Segment Open

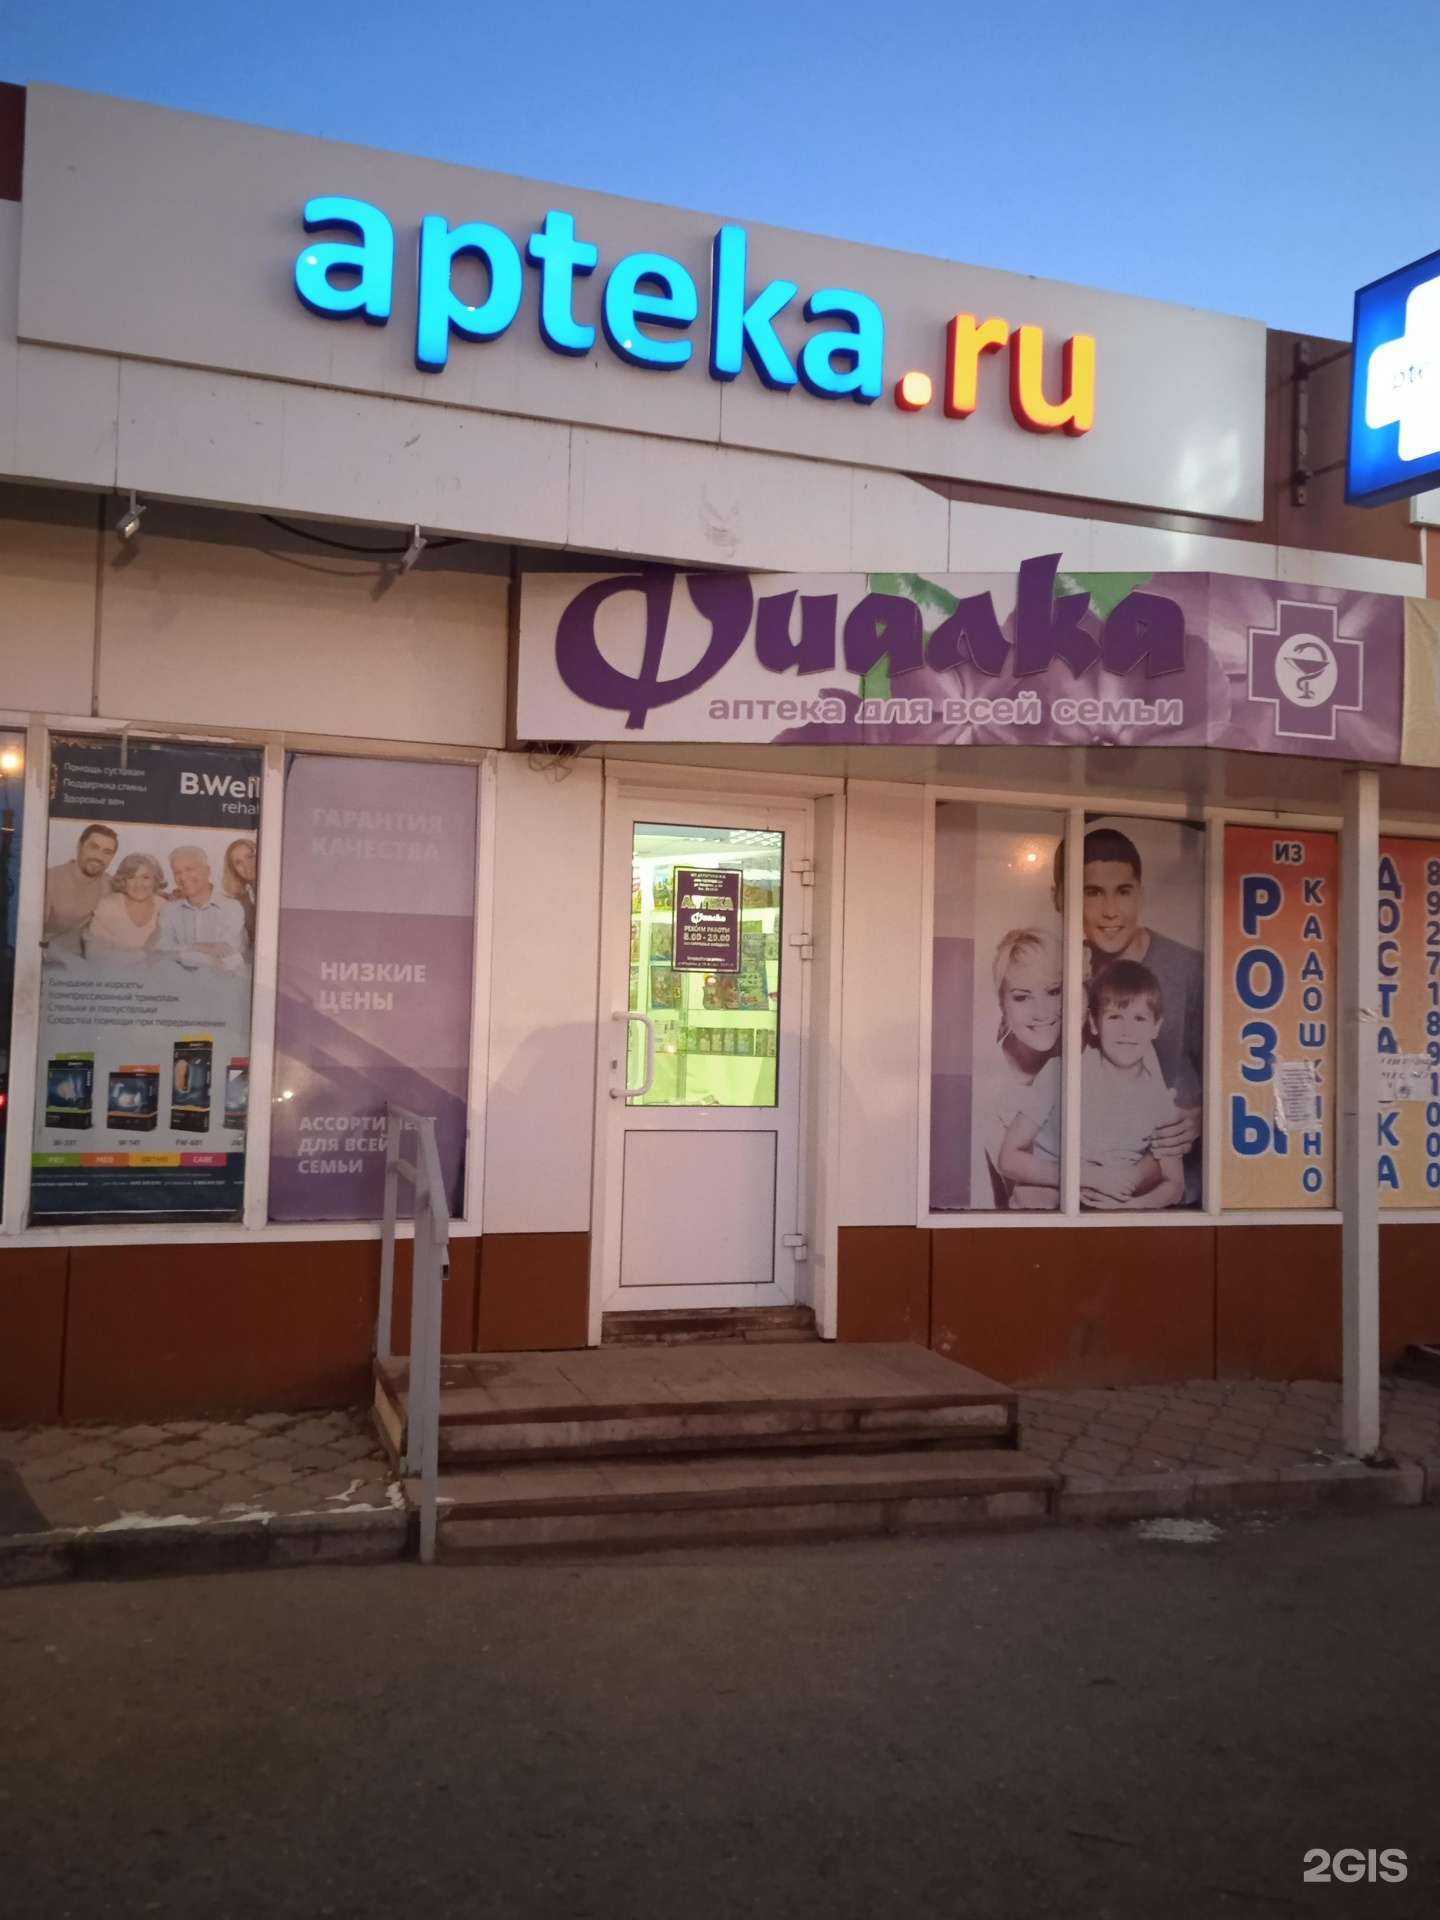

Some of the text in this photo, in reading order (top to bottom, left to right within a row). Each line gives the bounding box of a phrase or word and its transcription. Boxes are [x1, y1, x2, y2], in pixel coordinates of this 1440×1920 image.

[294, 195, 1095, 438] apteka.ru
[555, 553, 1185, 729] Фиалка
[708, 692, 1182, 725] аптека для всей семьи
[313, 809, 442, 833] ГАРАНТИЯ
[312, 837, 440, 861] КАЧЕСТВА
[1274, 842, 1304, 864] ИЗ
[320, 961, 426, 983] НИЗКИЕ
[319, 990, 393, 1012] ЦЕНЫ
[1232, 876, 1288, 1155] РОЗЫ
[1378, 856, 1402, 1190] ДОСТАКА
[298, 1133, 389, 1156] ДЛЯ ВСЕЙ
[298, 1159, 363, 1174] СЕМЬИ
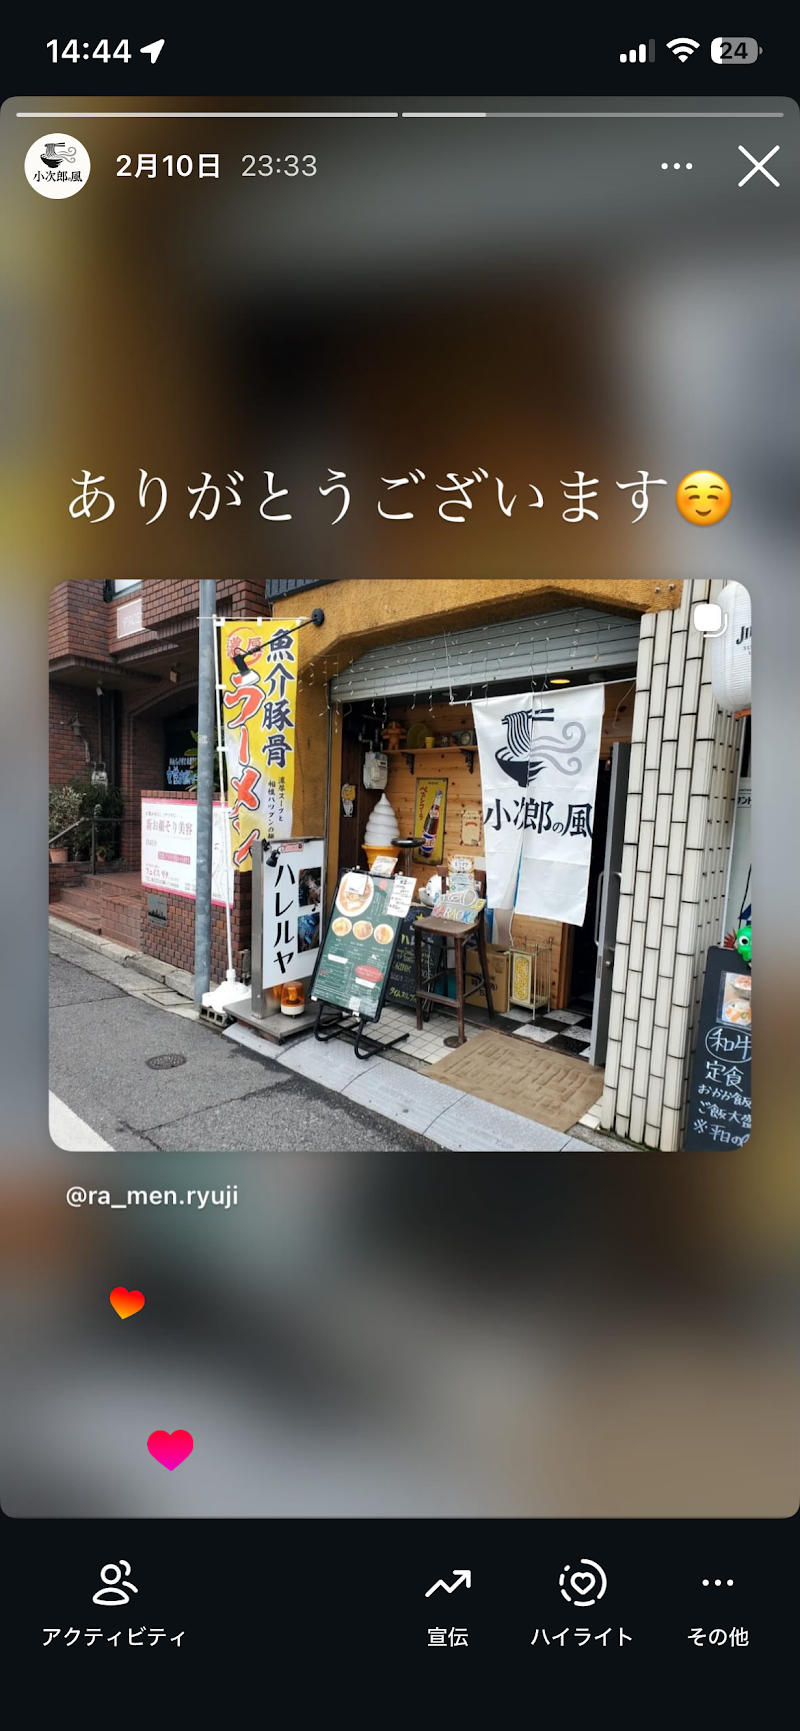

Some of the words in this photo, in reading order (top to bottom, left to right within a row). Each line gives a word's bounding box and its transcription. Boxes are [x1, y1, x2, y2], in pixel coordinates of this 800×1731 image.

Segment Closed

- Task brief
Word for word, set down every record, keeping the images out.

- Answer for the task
Some of the text in this photo, in reading order (top to bottom, left to right within a row). Each line gives the bounding box of a phrase or word and its transcription. Boxes are [x1, y1, x2, y2], in pixel coordinates of this 1440×1920 image.

[294, 195, 1095, 438] apteka.ru
[555, 553, 1185, 729] Фиалка
[708, 692, 1182, 725] аптека для всей семьи
[313, 809, 442, 833] ГАРАНТИЯ
[312, 837, 440, 861] КАЧЕСТВА
[1274, 842, 1304, 864] ИЗ
[320, 961, 426, 983] НИЗКИЕ
[319, 990, 393, 1012] ЦЕНЫ
[1232, 876, 1288, 1155] РОЗЫ
[1378, 856, 1402, 1190] ДОСТАКА
[298, 1133, 389, 1156] ДЛЯ ВСЕЙ
[298, 1159, 363, 1174] СЕМЬИ

Some of the words in this photo, in reading order (top to bottom, left to right within a row). Each line gives a word's bounding box and its transcription. Boxes are [x1, y1, x2, y2], in pixel coordinates of this 800×1731 image.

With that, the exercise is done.